Ипатов разыскал его у блиндажа командования.
- Вот полюбуйтесь, что делается, полюбуйтесь! - воскликнул Троицкий, увидев Ипатова, как будто они и не разлучались вовсе. - Вторые сутки добиваюсь, где разместить штаб, и никак не добьюсь. Немцы пустили танки, фронт колышется туда-сюда. Вчера наметили пункт, сегодня он оказался у немцев, а назад отодвинуться никто не хочет, гордость не позволяет. Вот и дежурю вторые сутки перед этим блиндажом… А, черт возьми все это! Здравствуйте, Алексей Петрович. Давайте отойдем вон туда, на лужайку, посидим. Вы надолго сюда?.. - У него даже дрожали пальцы, когда он жал руку Ипатову.
Присели друг перед другом на пеньки. Троицкий посмотрел вдаль, исподлобья, сбив на затылок свою новую серебристую шапку. Даль была синяя, и справа, далеко в стороне, в синей дымке виднелись точно подвешенные в воздухе красные черепичные крыши какого-то фольварка.
Долго молчали, думая каждый о своем.
- Но почему это сделал он, а не я, почему? - вдруг спросил Троицкий. - Это мог сделать и я. Я был ближе к самолету!..
- Не имеет значения, Евгений Васильевич, - сказал Ипатов. - Это все равно кто-нибудь из вас сделал бы…
- Кто-нибудь из нас. Но почему сделал он, а не я?
- Он, видимо, был лучше подготовлен.
- Лучше, это верно. Он не успел подумать, что нужно делать, а я подумал. Я тоже это сделал бы, уверяю вас, но я подумал, подумал - вот разница!
- А он не думал?
- Нет. Он думал раньше, но не в ту минуту. Он обдумал и все решил раньше. И это, наверное, и есть то, что вы называете подготовлен: действовать не судя по обстоятельствам, а при любых обстоятельствах, не думая.
- Вы опять что-то мудрите, - нерешительно вставил Ипатов.
- Нет, нет, Алексей Петрович! - воскликнул Троицкий. - В том и образец внутреннего совершенства: человек настолько все обдумал и решил, что его думы и решения как бы перешли в его кровь. Вы понимаете?
- Понимаю.
- Да, да, да! - обрадовался Троицкий. - О верности, преданности своим убеждениям, своим решениям можно говорить только тогда, когда они у тебя в крови, когда ты при любых обстоятельствах можешь поступить только так, а не иначе. - Продолжал в раздумье: - Николай Николаевич всю жизнь удивлял и поражал меня: откуда берутся такие люди - готовые, убежденные? Теперь я знаю, он был настоящим коммунистом.
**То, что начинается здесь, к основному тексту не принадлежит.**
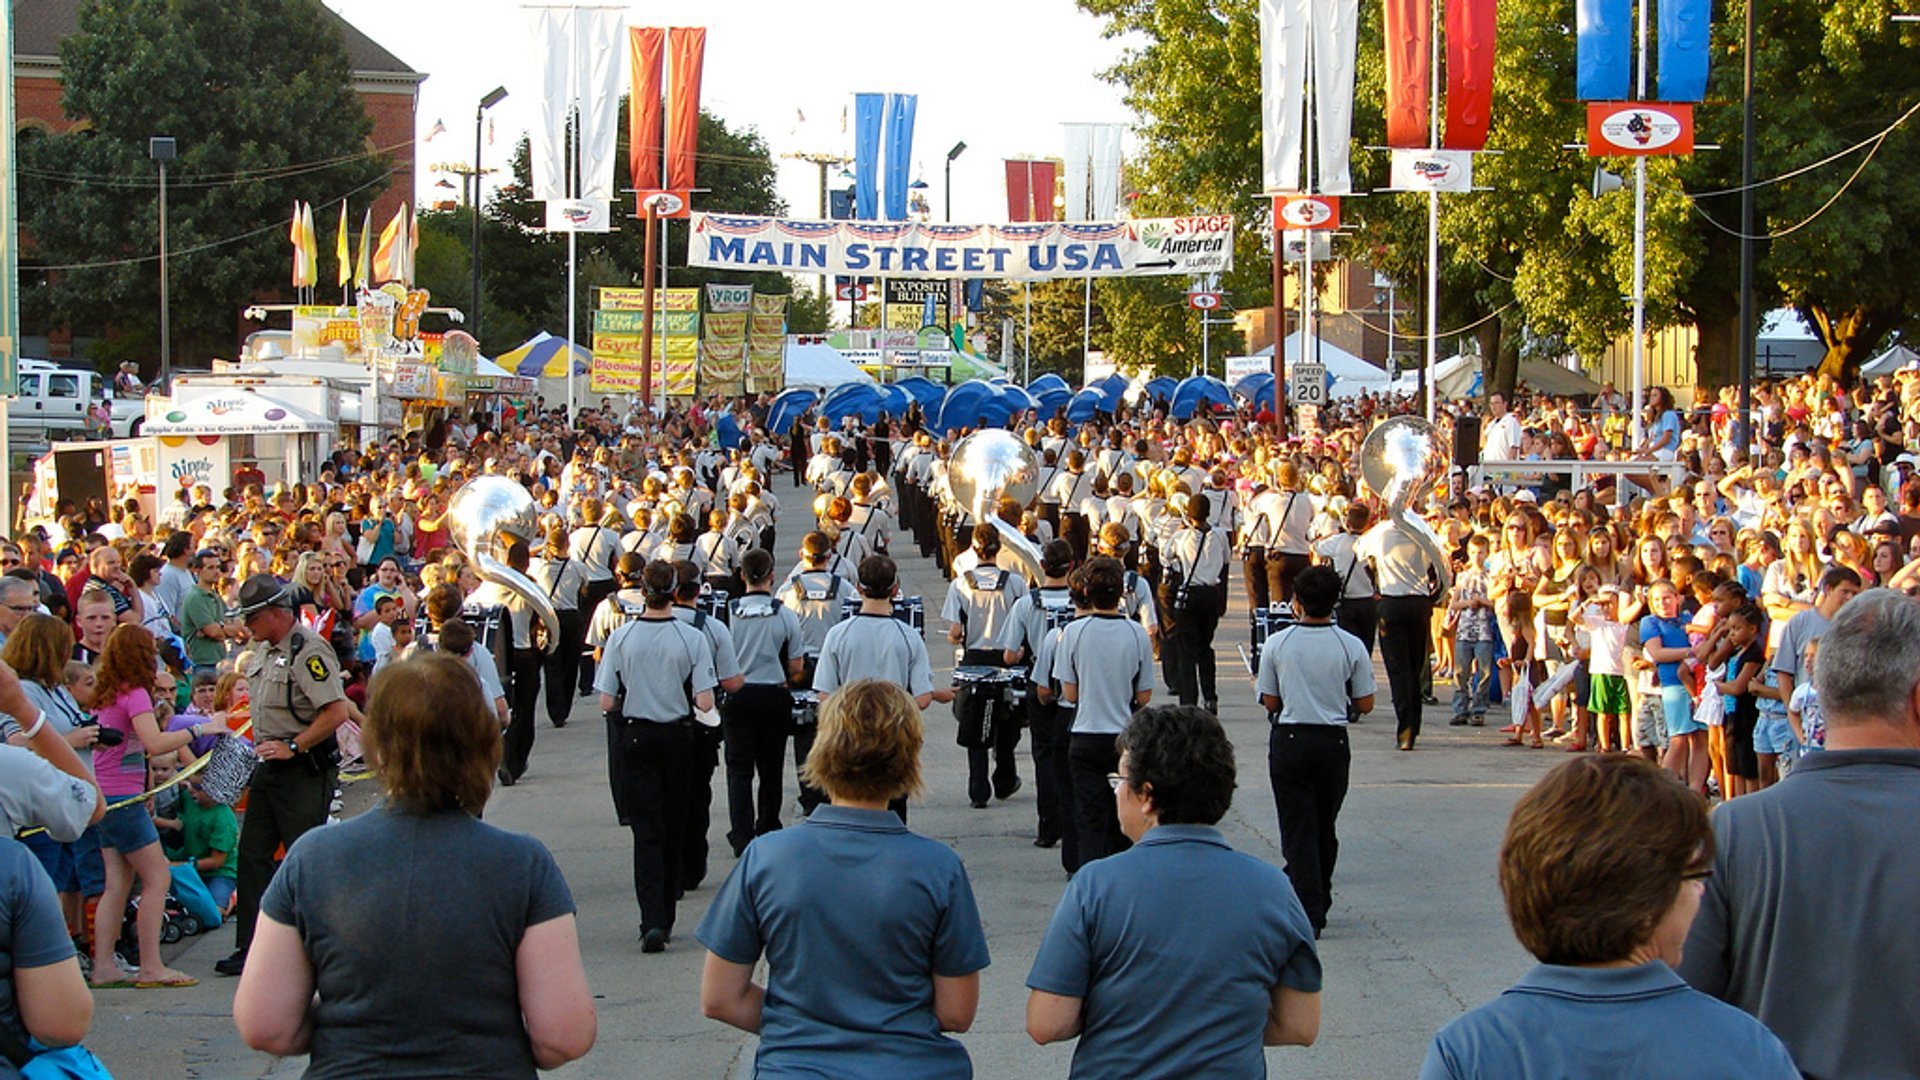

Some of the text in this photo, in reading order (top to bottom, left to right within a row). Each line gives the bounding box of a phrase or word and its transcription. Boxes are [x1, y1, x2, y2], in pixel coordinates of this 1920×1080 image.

[1174, 215, 1230, 235] STAGE
[708, 236, 1124, 272] MAIN STREET USA
[1160, 237, 1223, 254] Ameren
[890, 280, 948, 293] EXPOSITI
[320, 327, 360, 345] PRETZE
[1297, 384, 1320, 401] 20
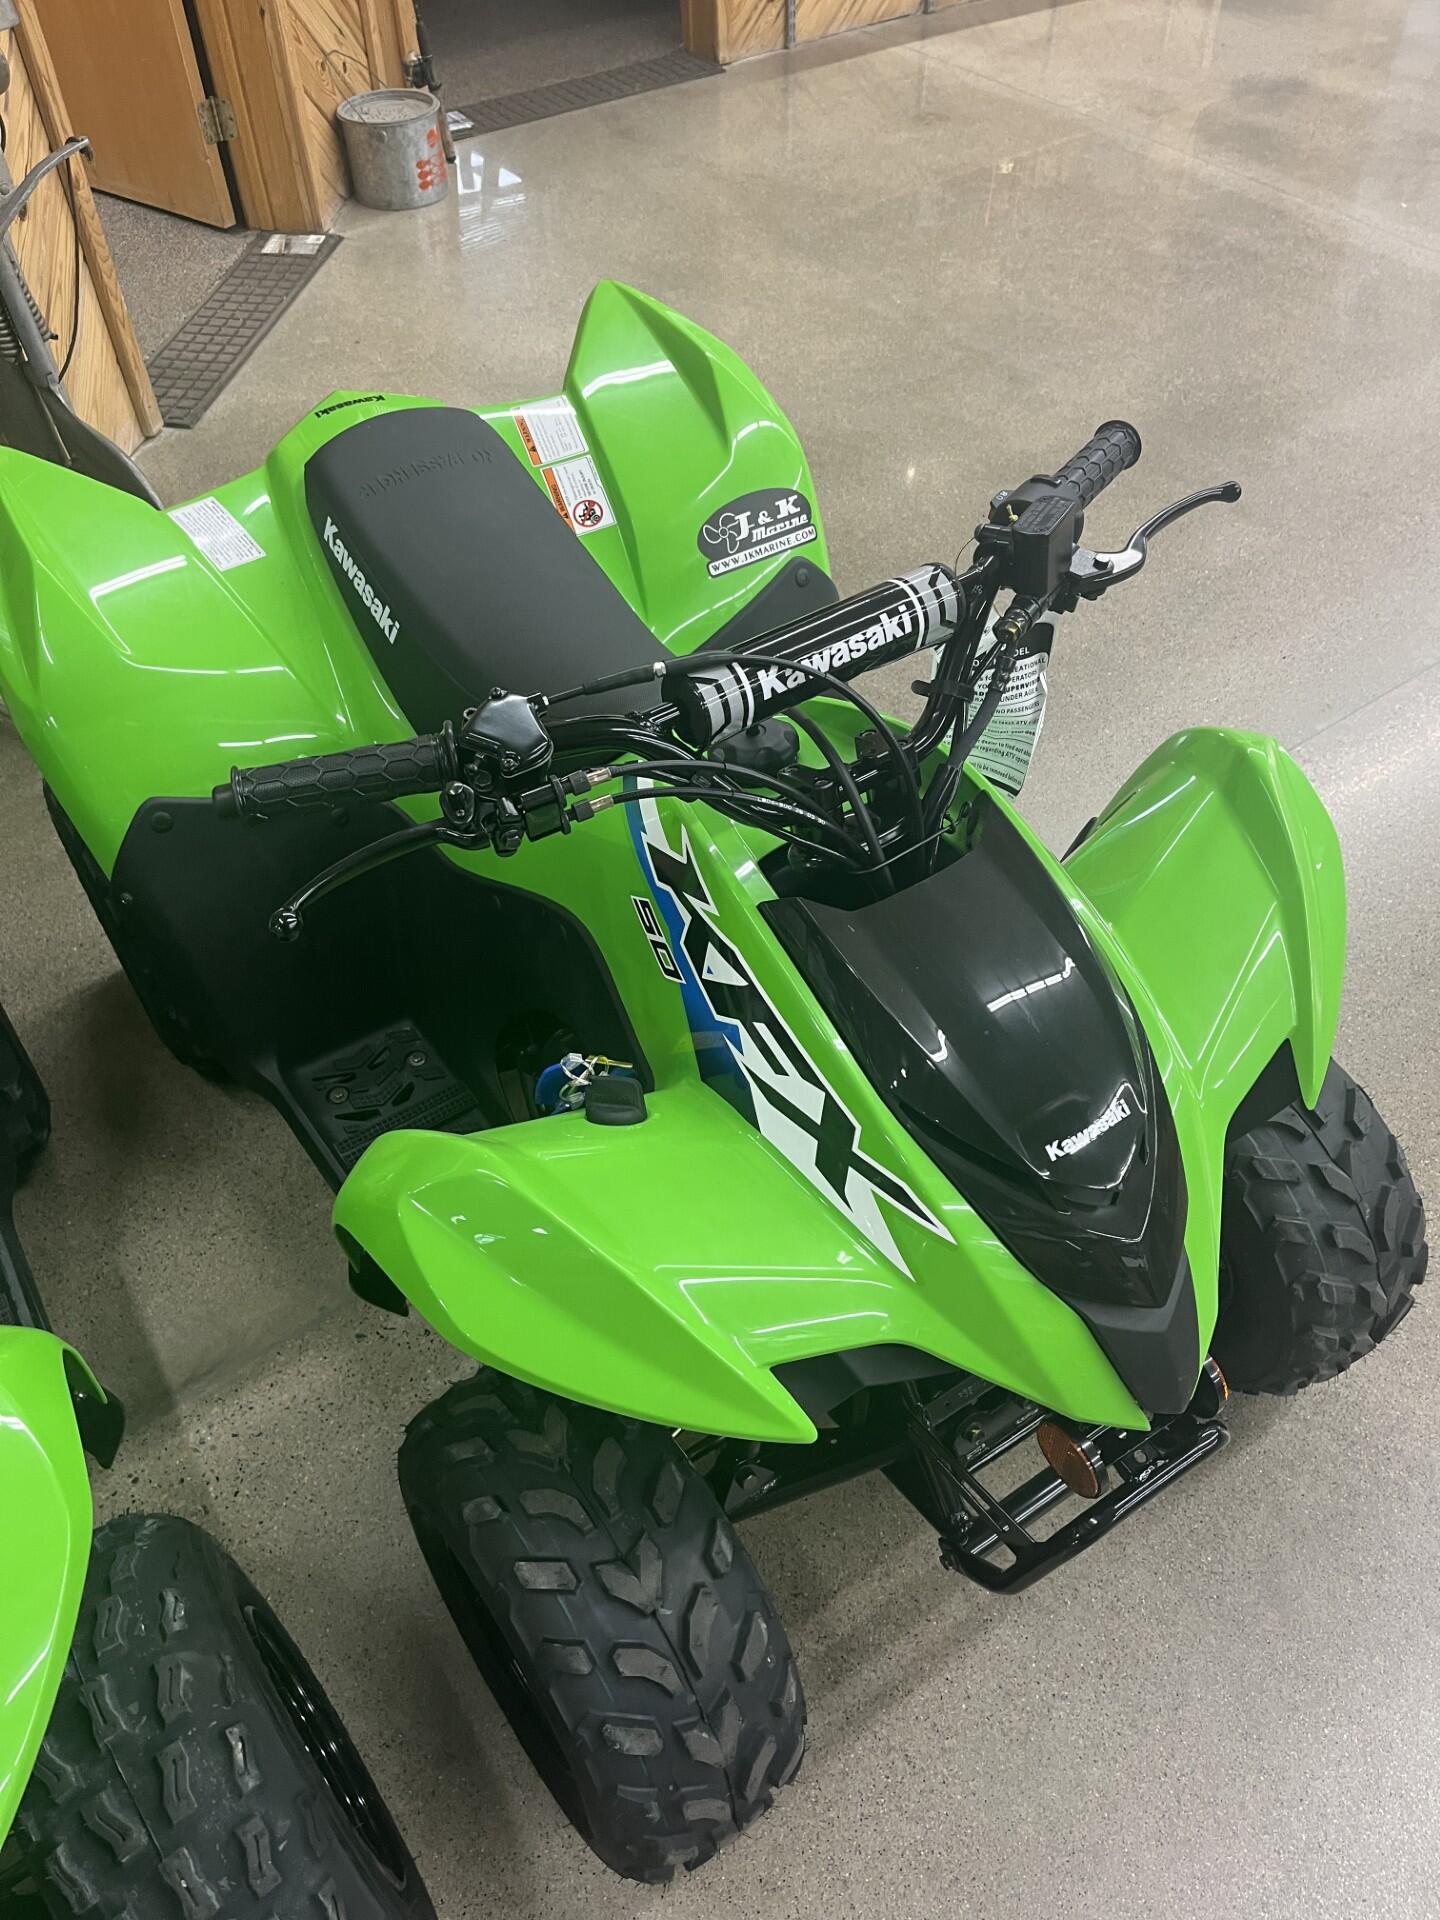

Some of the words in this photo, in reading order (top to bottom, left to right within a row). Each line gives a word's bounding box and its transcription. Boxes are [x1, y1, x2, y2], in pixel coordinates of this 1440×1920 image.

[314, 395, 386, 418] Kawasaki
[551, 484, 566, 512] WARNING
[735, 511, 755, 541] J
[757, 510, 774, 525] &
[774, 495, 801, 519] K
[711, 527, 815, 573] WWW.JKMARINE.COM
[751, 514, 809, 543] Marine
[324, 515, 400, 645] Kawasaki
[757, 604, 913, 701] Kawasaki
[1006, 701, 1040, 714] PASSENGERS
[631, 897, 684, 982] 50
[641, 824, 956, 1270] KFX
[1044, 1098, 1131, 1162] Kawasaki
И я, знаете, Алексей Петрович, - сказал доверительно, - я, беспартийный, низко кланяюсь перед партией за то, что она делает таких людей, как Лаврищев. Я теперь думаю о том, что коммунист, настоящий, конечно, коммунист - это и есть образец внутреннего совершенства, к которому должен стремиться каждый человек. Кто знает, может быть, и я когда-нибудь буду коммунистом!..
Ипатова волновал и успокаивал этот разговор. Временами казалось, что рядом с ними находится и Лаврищев, который никуда не уходил; Ипатов почти зримо видел его родинку, так мягко подчеркивавшую его улыбку. "Ты большой мудрец, Женя, большой мудрец, хоть и большой путаник", - говорил Лаврищев. Николай Николаевич любил этого большого ребенка, и теперь Ипатов знал, за что любил: именно за то, что он был "мудрец", то есть обо всем страстно думал, всему старался найти объяснение.
- А я. Женя, уезжаю. Насовсем, по чистой. К себе в колхоз. Проститься вот приехал…
Троицкий вздрогнул, посмотрел на Ипатова с недоверием.
- Это хорошо. - Спросил, как-то рассеянно улыбаясь: - Кем же теперь будете? Председателем колхоза, рядовым, заготовителем? - Воскликнул с нескрываемой тоской: - В конце концов, все это не так важно! Важно быть человеком. Как часто мы, люди, мечтаем о том, чтобы стать человеком! Вы будете председателем колхоза - это без сомнения! - Разрешите, я благословлю вас на этот чин и сан. Я хотел бы, чтобы вы были именно председателем колхоза, с размахом. Не обидитесь?
- За это не обижусь.
- Удача! Мы часто говорим: "пути удачи", как будто их и в самом деле много, этих путей. А он один, только один путь к удаче на мирном поприще. Один! - воскликнул Троицкий и внезапно замолчал, точно слепой, пошарил у себя под ногами, нащупал сухую хворостинку, принялся ломать ее на мелкие кусочки, тщательно вымеряя жесткими перламутровыми ногтями. Ипатов ждал, что он скажет, но Троицкий молчал, наверное забыв о том, что хотел сказать. Ипатов тоже поднял хворостинку и стал крошить ее в пальцах на мелкие кусочки, тщательно вымеряя. - В стремлении к удаче, несмотря на все свое совершенство и строгую веру, мы часто остаемся самыми безбожными язычниками, - продолжал вслух Троицкий. - У нас тысячи богов, у которых мы тайно и явно вымаливаем свою удачу. Боги эти - слава, чины, деньги, общественное положение и черт знает еще что. Но и богов, как и путей, у настоящей удачи тоже только один, один…
Ипатов нетерпеливо посмотрел на него, и Троицкий закончил свою мысль:
- И путь к удаче один и бог удачи один - это дело по душе. О чем мы сейчас с вами беспокоимся? Что делать после войны, какое дело найти себе по душе. А если мы не найдем себе дела по душе?..
- У нас будет дело по душе - мы будем строить коммунизм, - сказал Ипатов.
- Дать человеку дело по душе, может быть, важнее, чем дать ему хлеба, потому что в конечном счете и хлеб рождается трудом человеческим, - раздумывал Троицкий. - Доказано, земля может дать сто центнеров хлеба с гектара…
- Да? - оживился Ипатов и в эту минуту действительно стал похожим на хитроватого председателя колхоза, у него даже заиграли складочки у глаз. - Как, каким способом?..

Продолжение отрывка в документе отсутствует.